Interesting timing on this article (Score:2)
So, it looks like we're going to have to start transferring all those old ZX81 game tapes (Timex 2000 for our U.S. cousins) to CD-ROM then. That should be good for another 25 years of '3D Monster Maze'
--
Re:How long can it last? (Score:2)
Re:An excellent summary of the problem (Score:2)
Okay, you are right about that. I used ASCII as my example for three reasons. First, Slashdot is in English. Second, many if not most of the common character sets today are supersets of ASCII for compatibility. Finally, the primary but not sole input character set for TeX, which I mentioned, is ASCII.
As for wasted space, the amount of redundant information in every written language that I am aware of is very high.
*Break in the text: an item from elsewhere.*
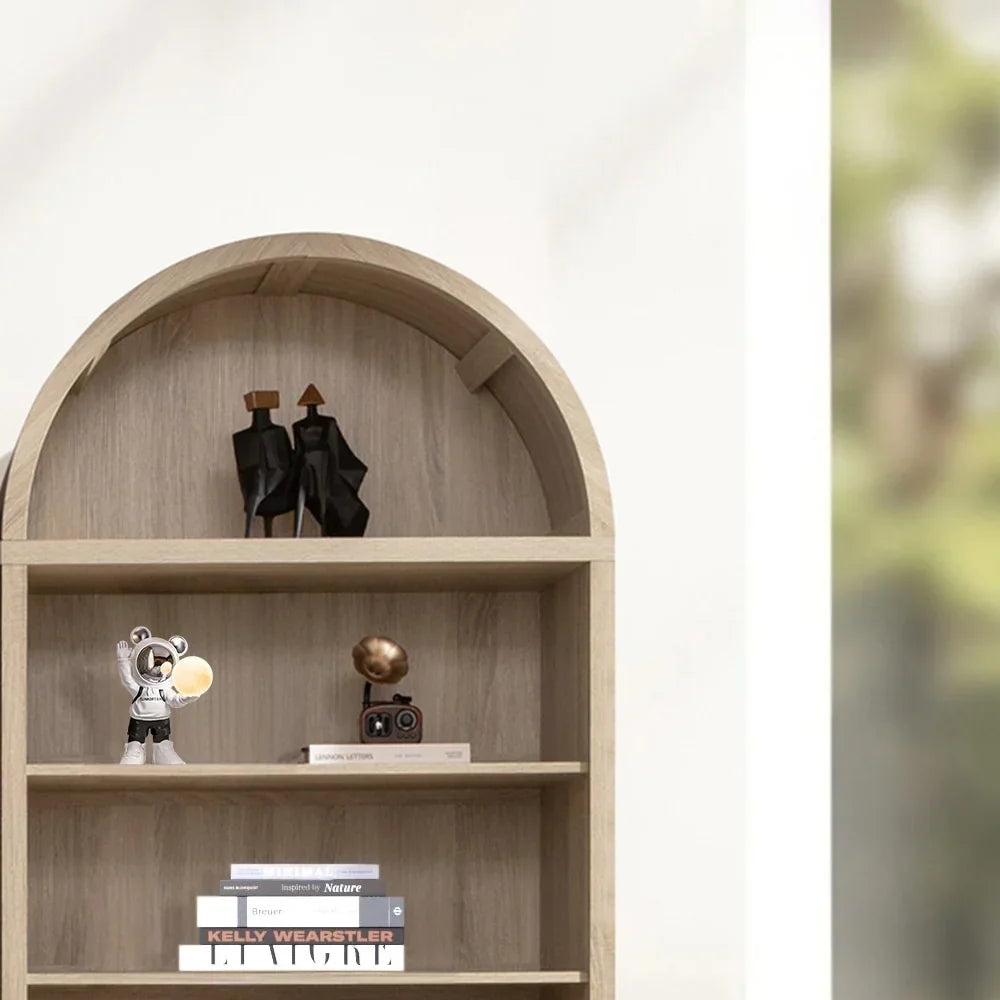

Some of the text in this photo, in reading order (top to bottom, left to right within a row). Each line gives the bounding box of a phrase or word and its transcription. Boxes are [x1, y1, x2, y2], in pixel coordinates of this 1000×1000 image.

[281, 883, 362, 893] Inspired by Nature
[252, 907, 283, 916] Breuer
[207, 931, 394, 942] KELLY WEARSTLER
The actual information content of a single character is only a bit or two in context. That can be demonstrated with any good compression program. So, I would suggest that for saving space, either we all need to abandon our human languages for one with no redundancy (not a likely proposition) or compress everything we want to save and document the compression algorithm in uncompressed files, preferrably with source code.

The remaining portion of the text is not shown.